• _LISTED ENTRIES_:
····················
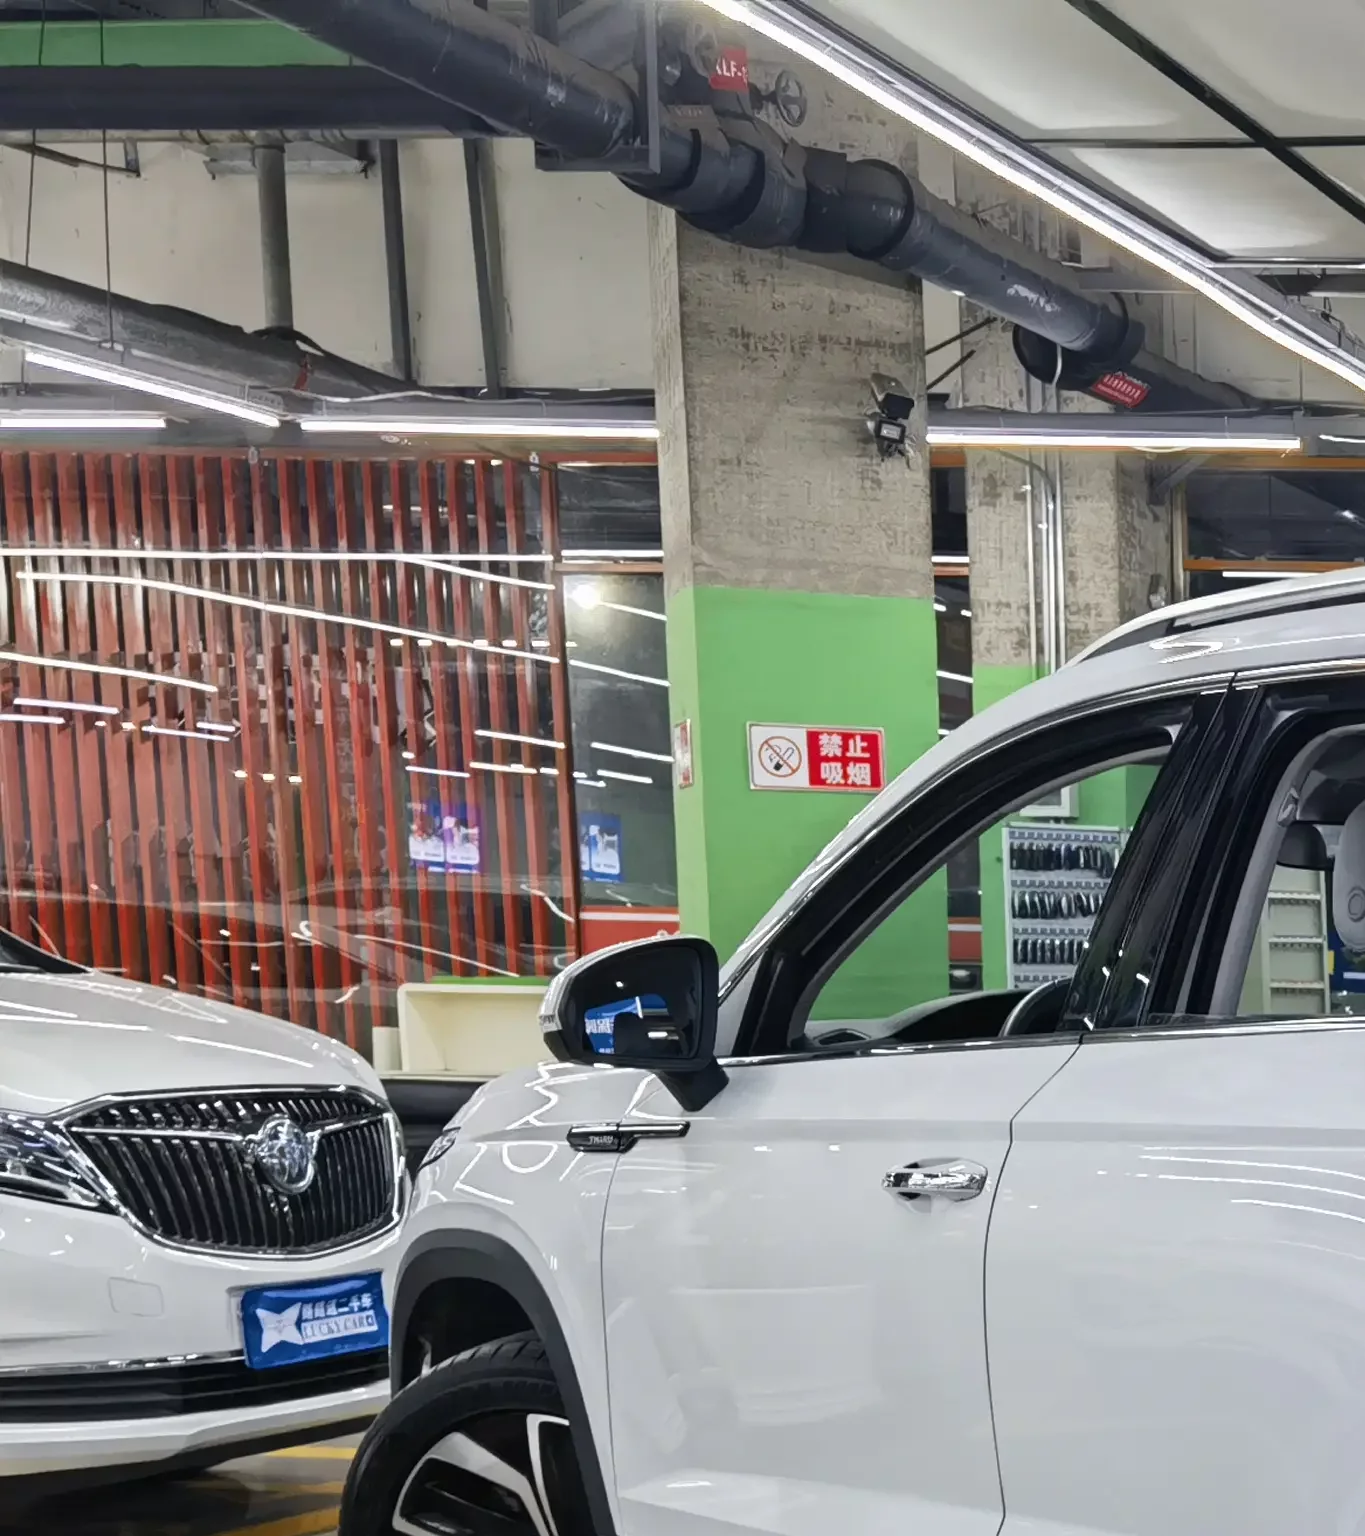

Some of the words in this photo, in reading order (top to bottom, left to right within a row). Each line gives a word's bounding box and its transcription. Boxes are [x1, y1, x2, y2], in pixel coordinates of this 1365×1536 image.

[819, 733, 871, 758] 禁止
[820, 761, 872, 786] 吸烟
[343, 1315, 365, 1332] CAR
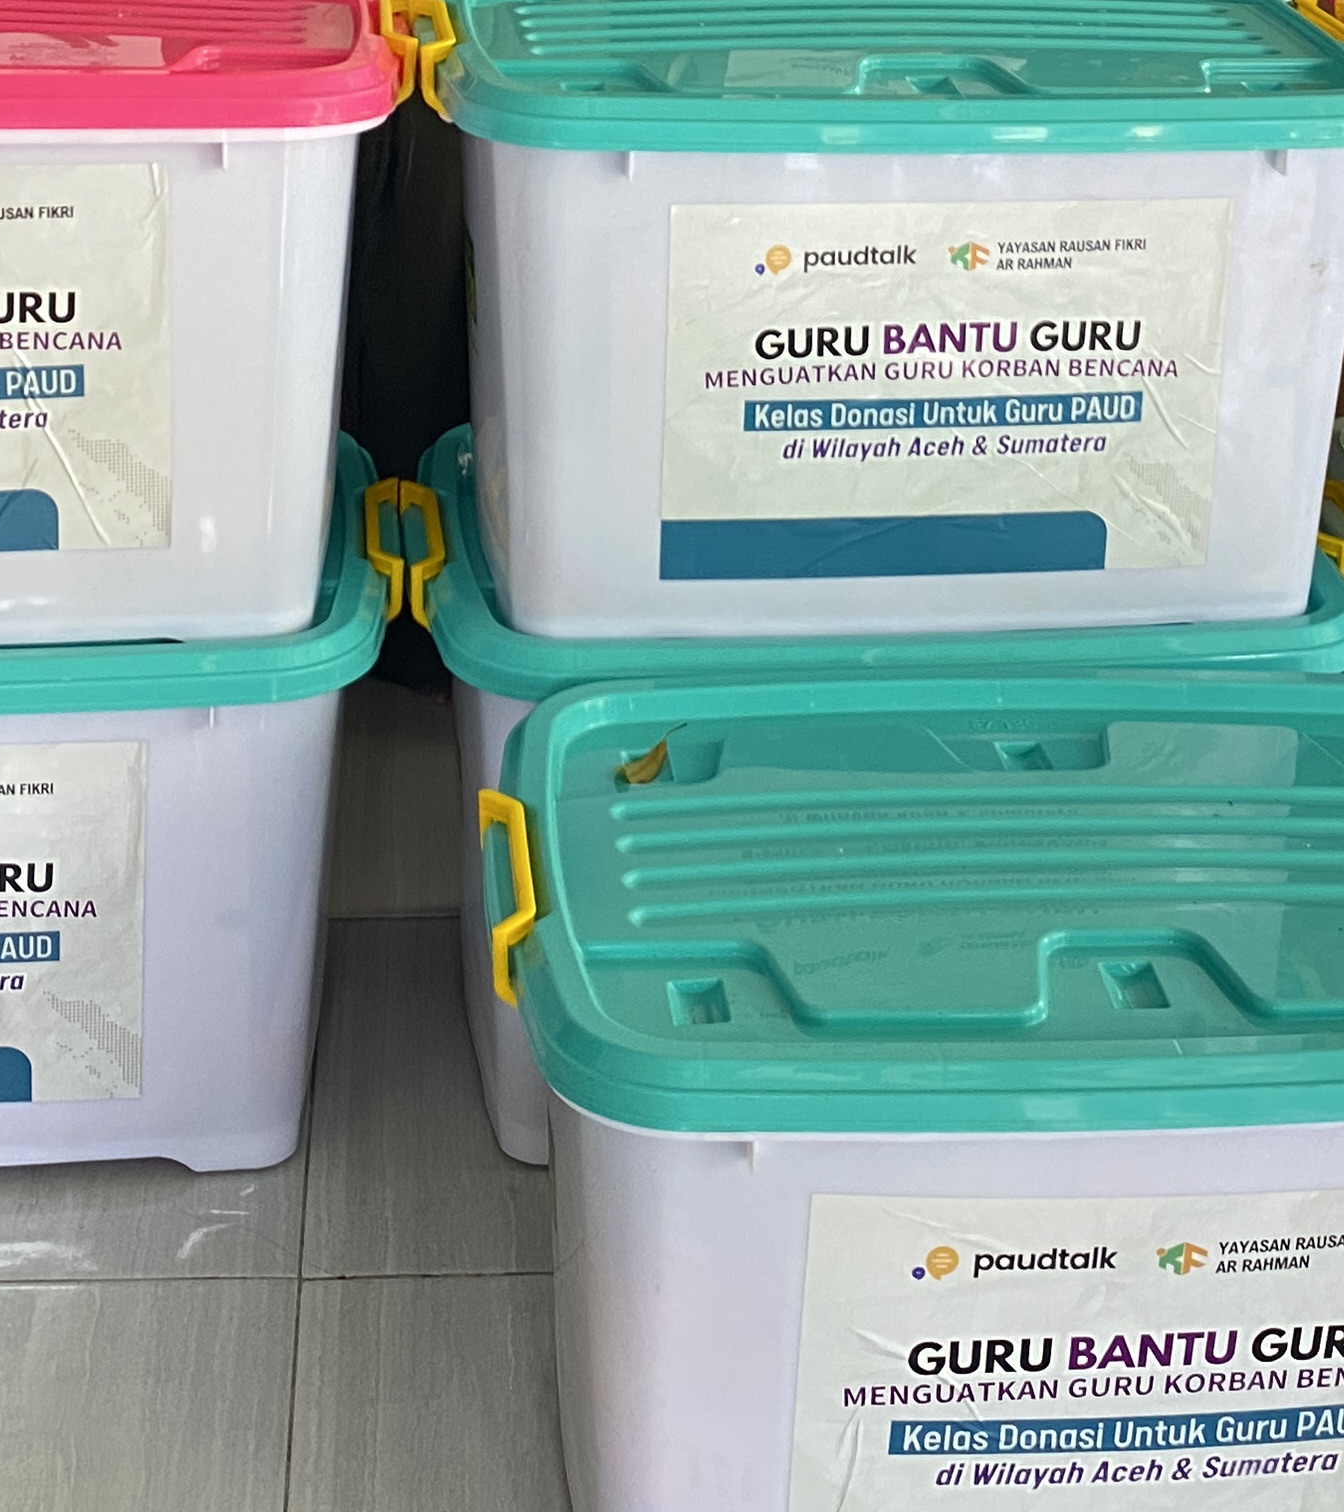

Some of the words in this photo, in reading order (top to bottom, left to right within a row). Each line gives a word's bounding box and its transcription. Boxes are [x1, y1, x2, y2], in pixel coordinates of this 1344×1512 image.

[38, 206, 74, 219] FIKRI
[803, 246, 916, 272] paudtalk
[0, 332, 122, 350] BENCANA
[756, 326, 870, 360] GURU
[883, 323, 1018, 355] BANTU
[1030, 321, 1142, 352] GURU
[6, 370, 76, 396] PAUD
[1219, 1237, 1291, 1255] YAYASAN
[973, 1247, 1117, 1278] paudtalk
[1215, 1259, 1237, 1273] AR
[1242, 1255, 1310, 1272] RAHMAN
[907, 1337, 1052, 1376] GURU
[1068, 1330, 1239, 1371] BANTU
[843, 1379, 1058, 1408] MENGUATKAN
[1068, 1374, 1154, 1399] GURU
[1163, 1370, 1286, 1395] KORBAN
[903, 1422, 988, 1451] Kelas
[998, 1422, 1104, 1450] Donasi
[1114, 1417, 1205, 1447] Untuk
[1215, 1413, 1287, 1442] Guru
[936, 1464, 963, 1486] di
[972, 1460, 1083, 1489] Wilayah
[1091, 1459, 1162, 1482] Aceh
[1171, 1458, 1193, 1479] &
[1202, 1450, 1338, 1476] Sumatera
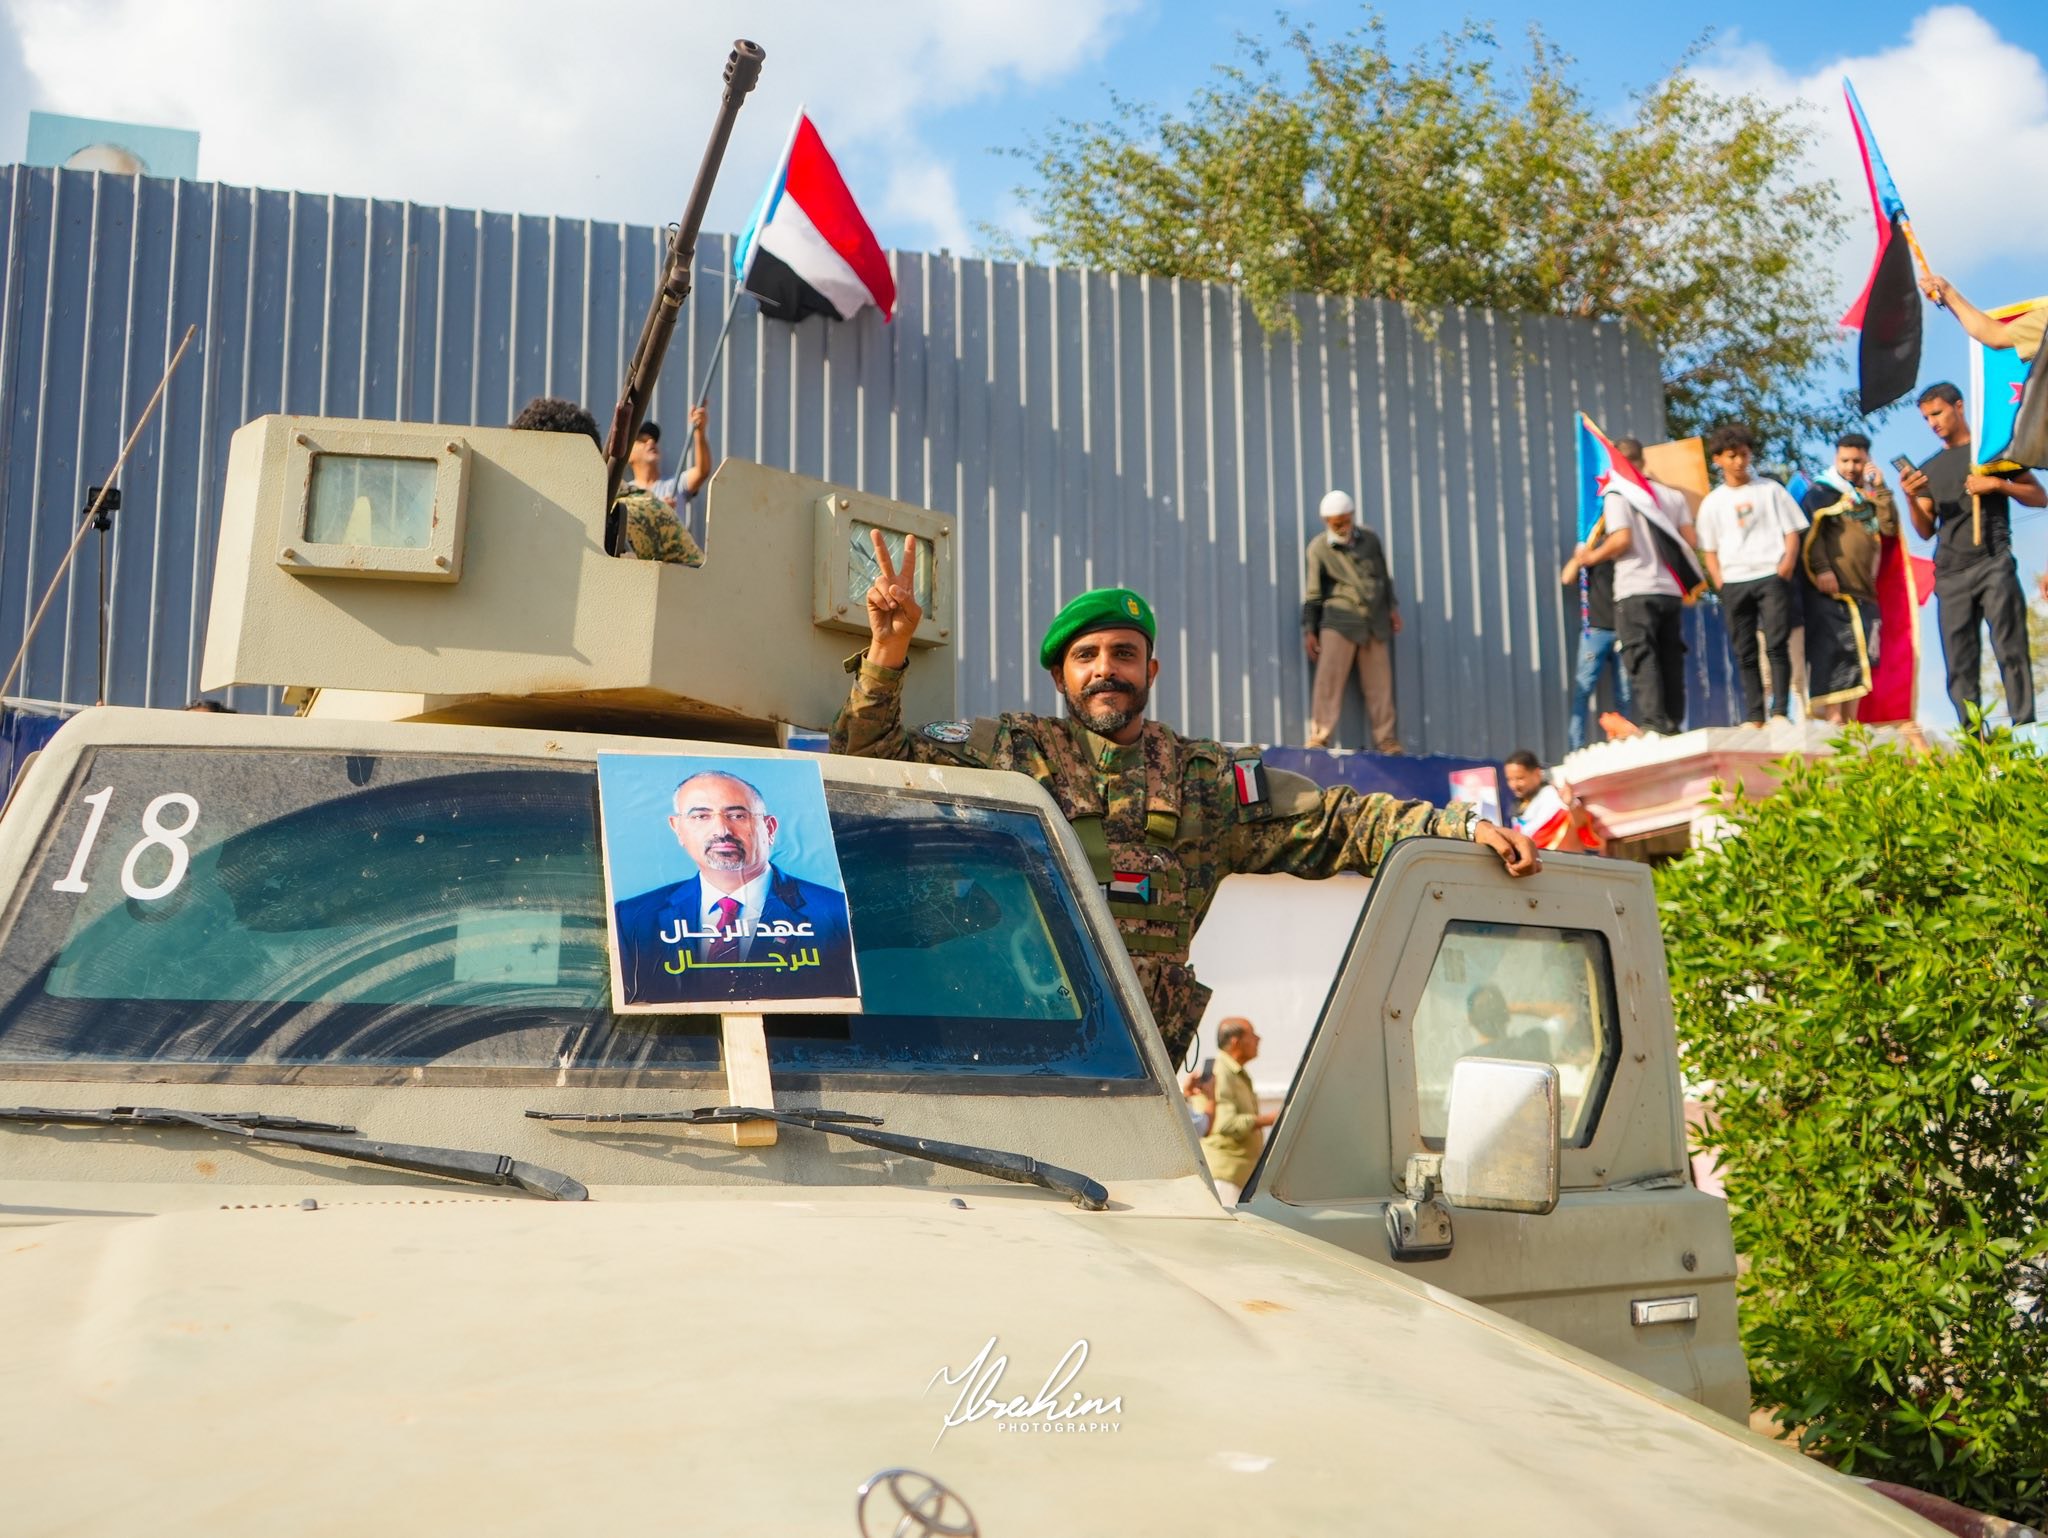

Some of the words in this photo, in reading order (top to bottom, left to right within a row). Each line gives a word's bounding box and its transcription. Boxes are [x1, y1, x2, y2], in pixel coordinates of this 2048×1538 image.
····················
• _WHAT IS NEEDED_: Please print the records above once more, word for word, omitting all pictures.

• _WRITTEN RESPONSE_:
Some of the words in this photo, in reading order (top to bottom, left to right within a row). Each line gives a word's bounding box and its transcription. Boxes are [x1, y1, x2, y2], in pixel coordinates of this 1365×1536 image.

[819, 733, 871, 758] 禁止
[820, 761, 872, 786] 吸烟
[343, 1315, 365, 1332] CAR

Some of the words in this photo, in reading order (top to bottom, left to right within a row). Each line gives a word's bounding box and its transcription. Boxes are [x1, y1, x2, y2], in pixel coordinates of this 1344×1512 image.

[38, 206, 74, 219] FIKRI
[803, 246, 916, 272] paudtalk
[0, 332, 122, 350] BENCANA
[756, 326, 870, 360] GURU
[883, 323, 1018, 355] BANTU
[1030, 321, 1142, 352] GURU
[6, 370, 76, 396] PAUD
[1219, 1237, 1291, 1255] YAYASAN
[973, 1247, 1117, 1278] paudtalk
[1215, 1259, 1237, 1273] AR
[1242, 1255, 1310, 1272] RAHMAN
[907, 1337, 1052, 1376] GURU
[1068, 1330, 1239, 1371] BANTU
[843, 1379, 1058, 1408] MENGUATKAN
[1068, 1374, 1154, 1399] GURU
[1163, 1370, 1286, 1395] KORBAN
[903, 1422, 988, 1451] Kelas
[998, 1422, 1104, 1450] Donasi
[1114, 1417, 1205, 1447] Untuk
[1215, 1413, 1287, 1442] Guru
[936, 1464, 963, 1486] di
[972, 1460, 1083, 1489] Wilayah
[1091, 1459, 1162, 1482] Aceh
[1171, 1458, 1193, 1479] &
[1202, 1450, 1338, 1476] Sumatera

Some of the words in this photo, in reading order (top to bottom, left to right within a row). Each line gives a word's bounding box and its transcription. Boxes are [x1, y1, x2, y2], in pixel coordinates of this 2048×1538 image.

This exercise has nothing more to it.